-
Tips for becoming a good boxer - November 6, 2020
-
7 expert tips for making your hens night a memorable one - November 6, 2020
-
5 reasons to host your Christmas party on a cruise boat - November 6, 2020
-
What to do when you’re charged with a crime - November 6, 2020
-
Should you get one or multiple dogs? Here’s all you need to know - November 3, 2020
-
A Guide: How to Build Your Very Own Magic Mirror - February 14, 2019
-
Our Top Inspirational Baseball Stars - November 24, 2018
-
Five Tech Tools That Will Help You Turn Your Blog into a Business - November 24, 2018
-
How to Indulge on Vacation without Expanding Your Waist - November 9, 2018
-
5 Strategies for Businesses to Appeal to Today’s Increasingly Mobile-Crazed Customers - November 9, 2018
Aetna projects loss on Obamacare, scraps expansion plans
Aetna (AET) on Tuesday said it meant to abandon its 2017 expansion plans on the Affordable Care Act exchanges and was reviewing future participation in the marketplaces, even as the health insurance giant reported second-quarter results that beat estimates.
Advertisement
Aetna said its exchange-based plans for individuals had a pretax operating loss of $200 million in the second quarter, and it projected the loss from that business would exceed $300 million by year-end.
Sarah Kliff, senior editor covering healthcare for Vox.
From July 2015, when it announced its intention to buy Cigna, until last month, Anthem gave 4 million documents and at least three terabytes of data to the government, and produced 22 witnesses for deposition, the company said.
“It these mergers were to take place, the competition among these insurers that has pushed them to provide lower premiums, higher-quality care, and better benefits would be eliminated”, Attorney General Loretta Lynch said during a press conference announcing the lawsuit.
The company, however, reported higher-than-expected quarterly revenue and profit on Tuesday as memberships grew in its government business, under which it sells Medicare and Medicaid plans.
Mark Bertolini, chief executive of Aetna Inc., has told investor analysts that the health insurer is developing an alternative plan in case its pending $37 billion acquisition of Humana Inc. collapses.
Aetna’s announcement comes two weeks after the Department of Justice blocked its merger plans with Humana (HUM), as well as Anthem’s purchase of Cigna (CI).
In addition, Aetna and Humana Inc.
The decision by Aetna comes less than 4 months after the nation’s largest insurer, United Healthcare, chose to roll back nearly all of its Obamacare offerings after sustaining losses and after the Department of Justice denied Aetna’s proposed merger with fellow-insurer Humana. Part of the problem has come from insurers finding that enrollees were running up medical costs greater than they expected when the companies set their premiums, he said, but also “there have been structural issues, there have been rule changes” by regulators that have made the business far harder to gauge.
Eight states and the District of Columbia joined the Justice Department’s challenge to Aetna’s deal with Humana.
The company also announced that it is cancelling plans to expand its Obamacare offerings to five new states, and it will reassess its existing business in the 15 states it already covers.

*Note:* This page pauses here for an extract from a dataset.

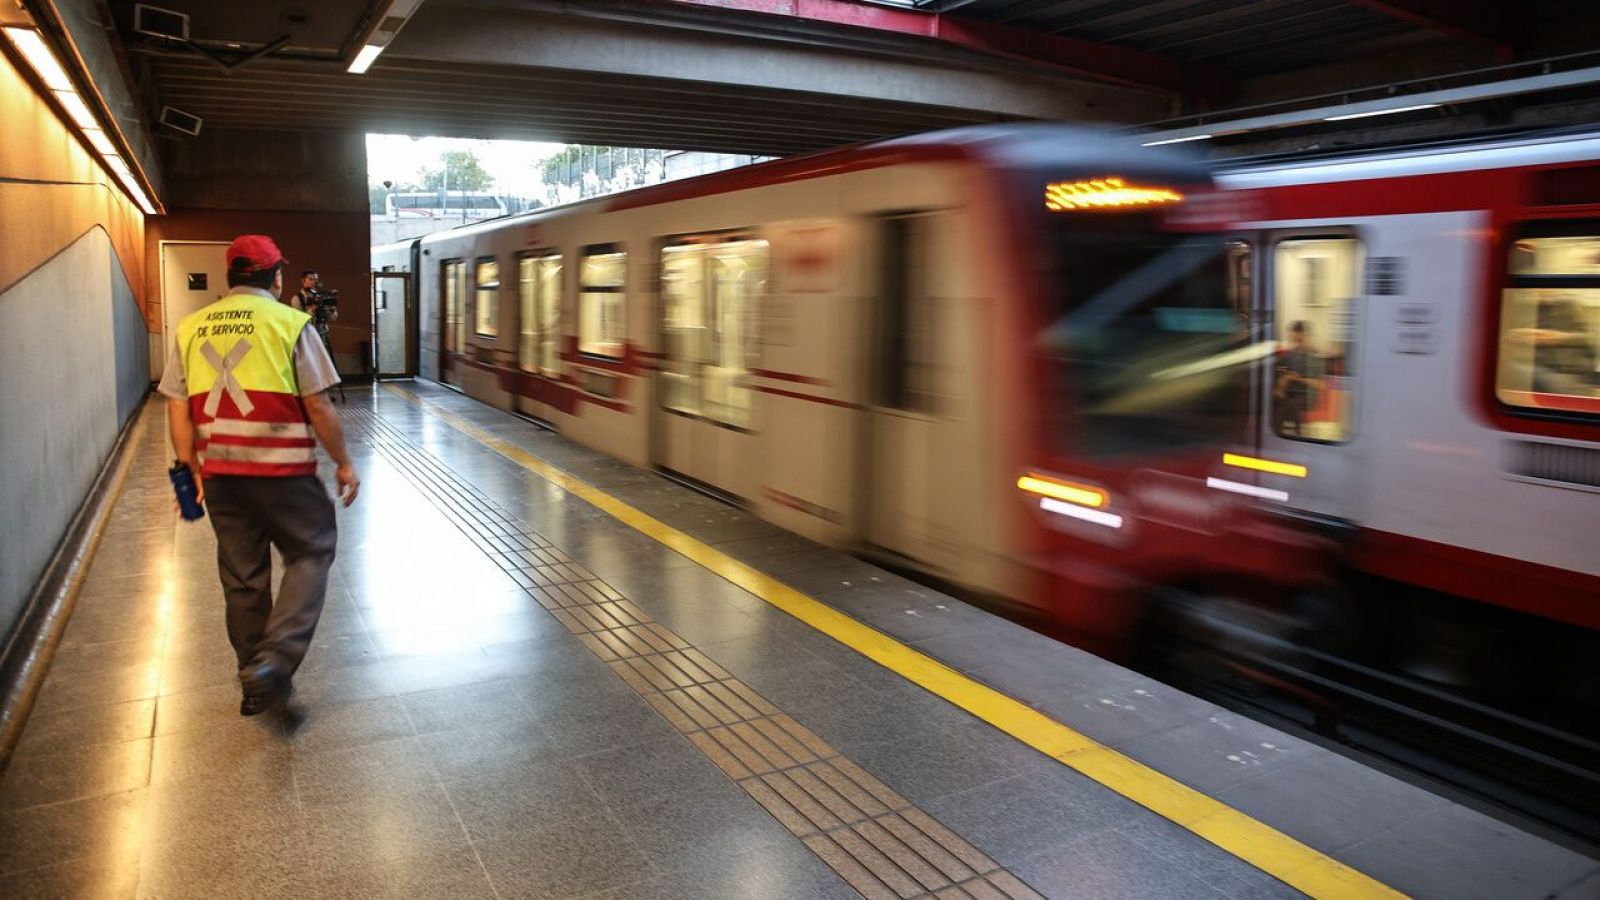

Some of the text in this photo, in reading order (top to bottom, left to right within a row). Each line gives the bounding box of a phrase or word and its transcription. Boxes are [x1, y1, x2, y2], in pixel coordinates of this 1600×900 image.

[205, 310, 255, 321] ASISTENTE
[197, 323, 255, 338] DE SERVICIO

Some 11.1 million people are enrolled in Obamacare this year, according to the latest federal statistics.
The companies on Monday said they would sell the Medicare Advantage plans for 290,000 members across 21 states to Molina Healthcare in a deal worth a combined $117 million.
Aetna’s second-quarter earnings per share rose 8% to $2.21, topping views for $2.12.
Excluding special items, Aetna earned $2.21 per share, exceeding the analysts’ average estimate of $2.12, according to Thomson Reuters I/B/E/S.
Advertisement
Aetna’s shares ended the day up 1 percent, to $116.90.